The reason why physicists and astronomers are fascinated by such discoveries is that gravitation has been seen for a very long time as a paradigm of order - it is the law that governs the motion of everything at cosmic scale. Newton's discovery of the law of universal attraction (that describes how exactly do things attract each other gravitationally) has been one of the first major physical laws and it showed that the motion of planets, moons, stars etc. is not random, it is ordered and governed by a deterministic law.

Nonetheless, in the beginning of the 20th century, while trying to prove whether the solar system is stable or unstable, the mathematician Henri Poincare has discovered, surprising everybody including himself, that Newton's gravitation law contains an important element of unpredictability. He has discovered that a tiny change in the state of a system at a certain moment of time leads to very large changes over time - in other words, according to Newton's law, a certain change in the causes is not proportional to the change that occurs in the effects; the change in effects is much larger. Thus, due to the fact that we cannot determine with infinite precision the positions of every planet, moon, asteroid, comet etc. within the solar system we cannot predict the long term motion of the solar system. In other words, what Poincare managed to prove was that one cannot prove whether the solar system is stable or unstable.

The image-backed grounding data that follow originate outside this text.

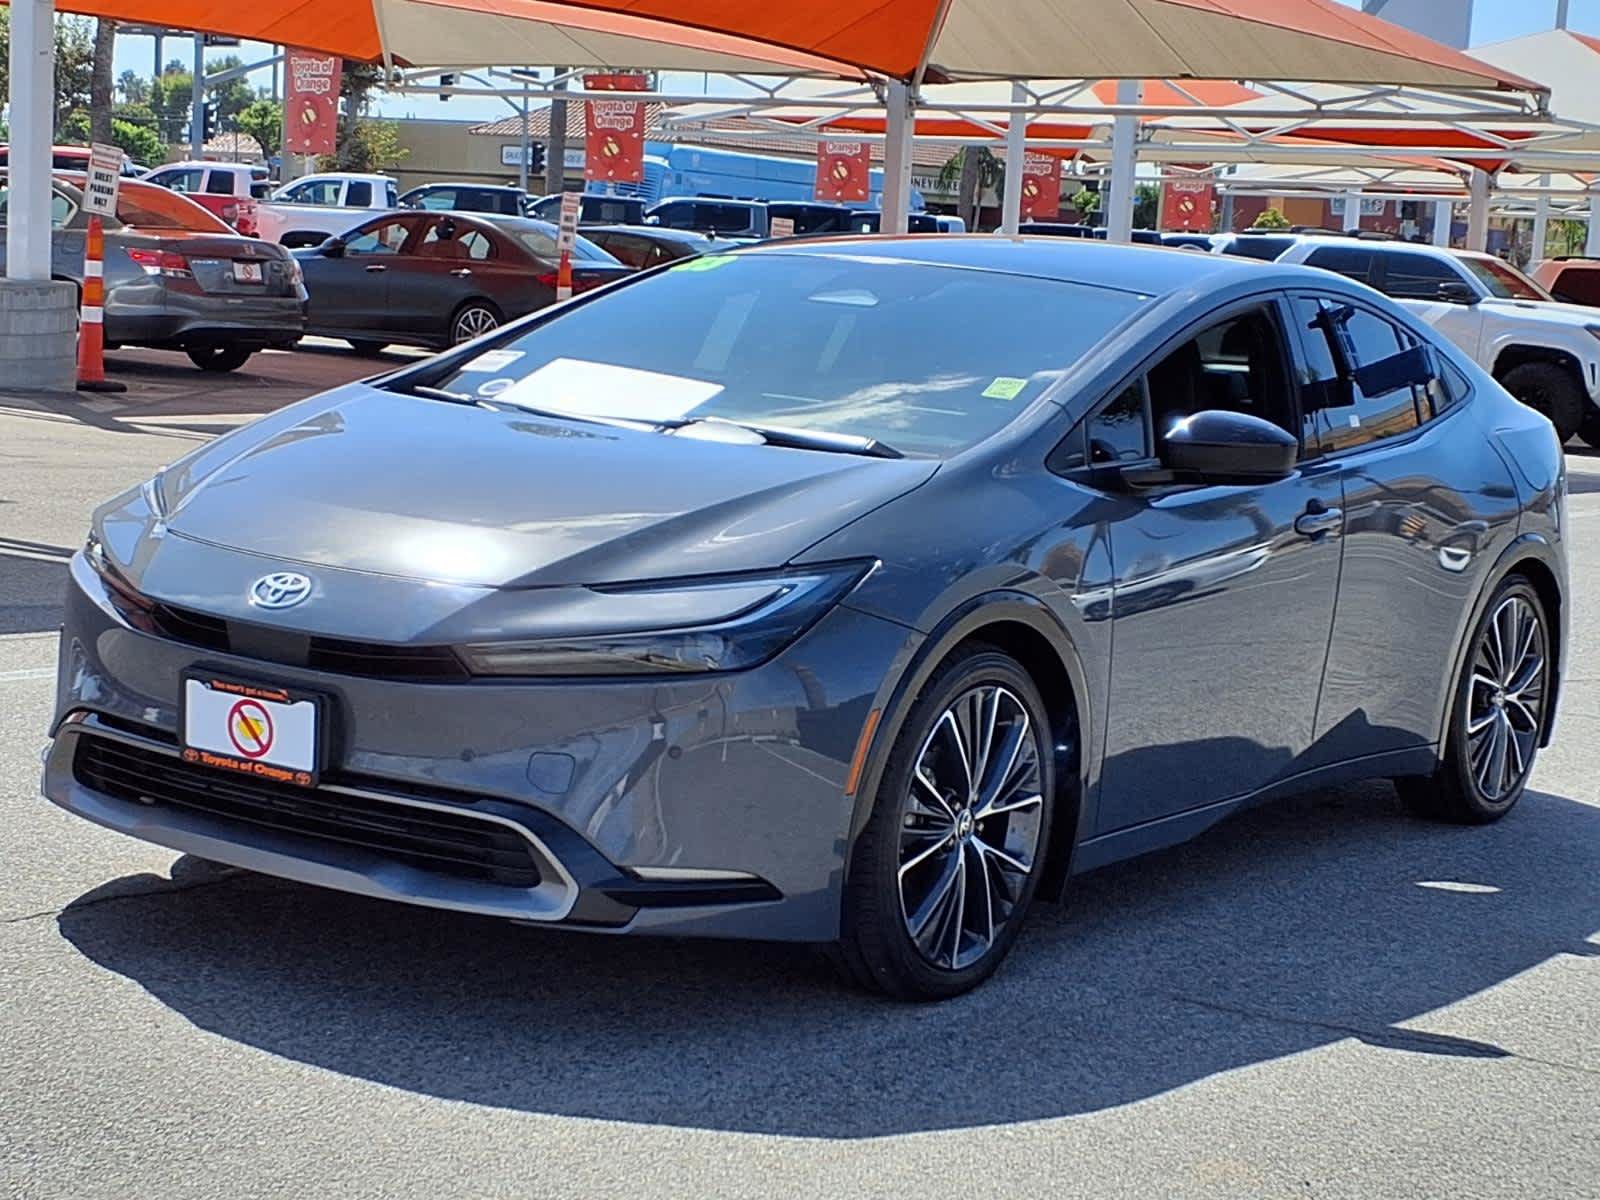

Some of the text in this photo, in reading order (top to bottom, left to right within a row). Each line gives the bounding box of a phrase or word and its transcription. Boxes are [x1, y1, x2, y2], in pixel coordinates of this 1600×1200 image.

[291, 57, 320, 77] Toyota
[295, 77, 331, 94] Orange
[594, 114, 634, 131] Orange
[1023, 163, 1052, 176] range
[200, 752, 293, 781] Toyota of Orange
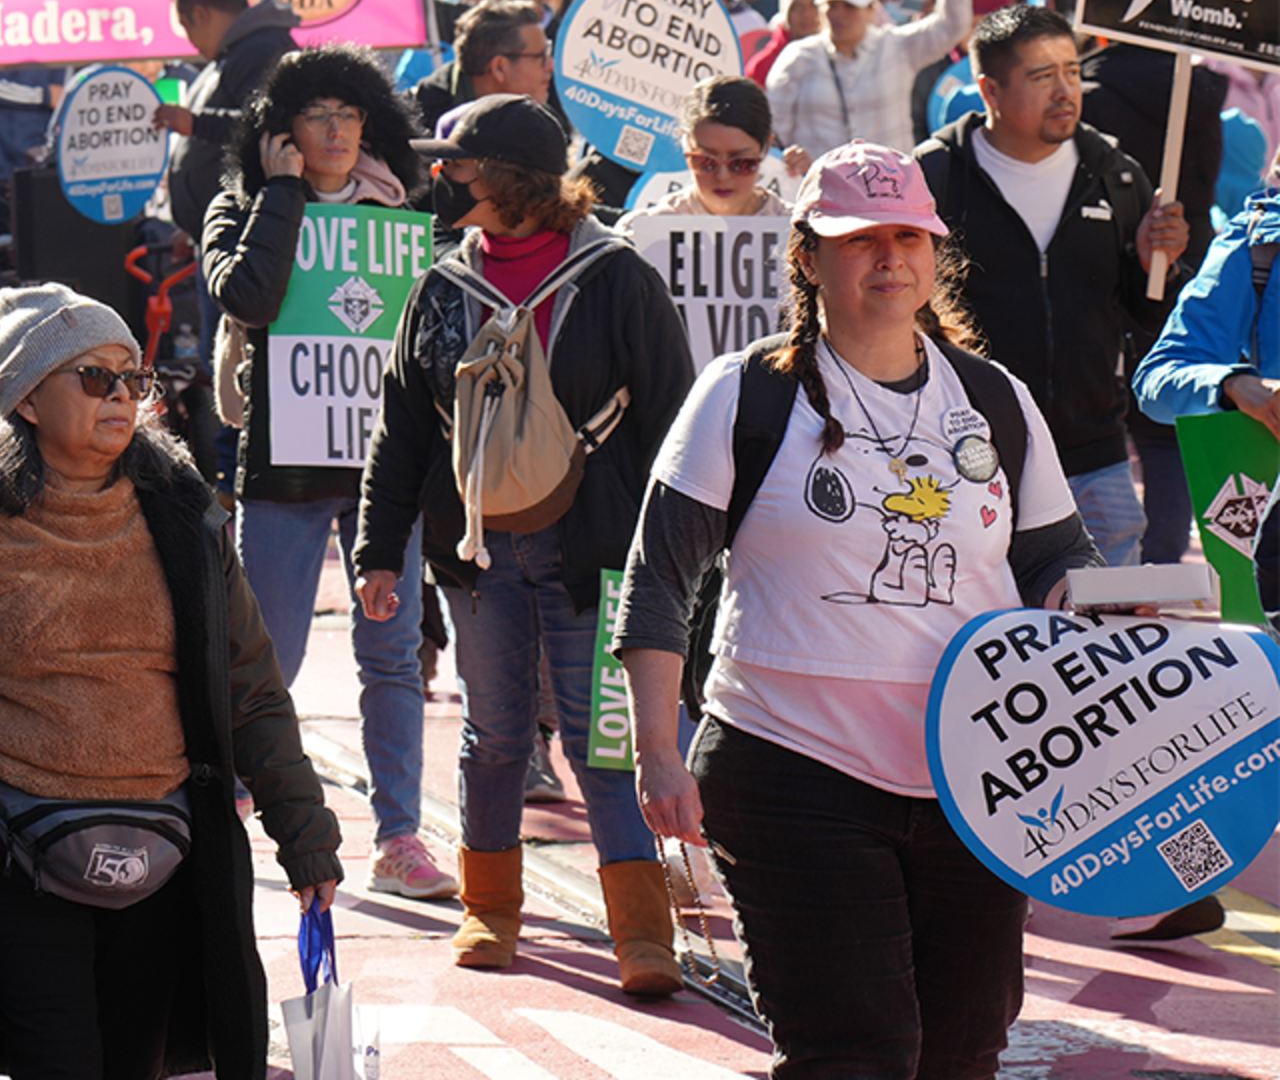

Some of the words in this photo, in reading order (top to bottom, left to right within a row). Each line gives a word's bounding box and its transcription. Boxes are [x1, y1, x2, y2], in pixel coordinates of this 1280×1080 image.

Thus, the law of universal attraction, from the paradigm of cosmic order it became a paradigm of chaotic phenomena - i.e. the phenomena where a small change in the initial conditions lead to a large change in the end result, in other words, phenomena which are unpredictable in the long term. The observations conducted on Uranus' system of moons and rings thus confirm this status the law of gravitation now has, they confirm that this law that governs the cosmic order instead of generating simplicity it generates complexity and unpredictability.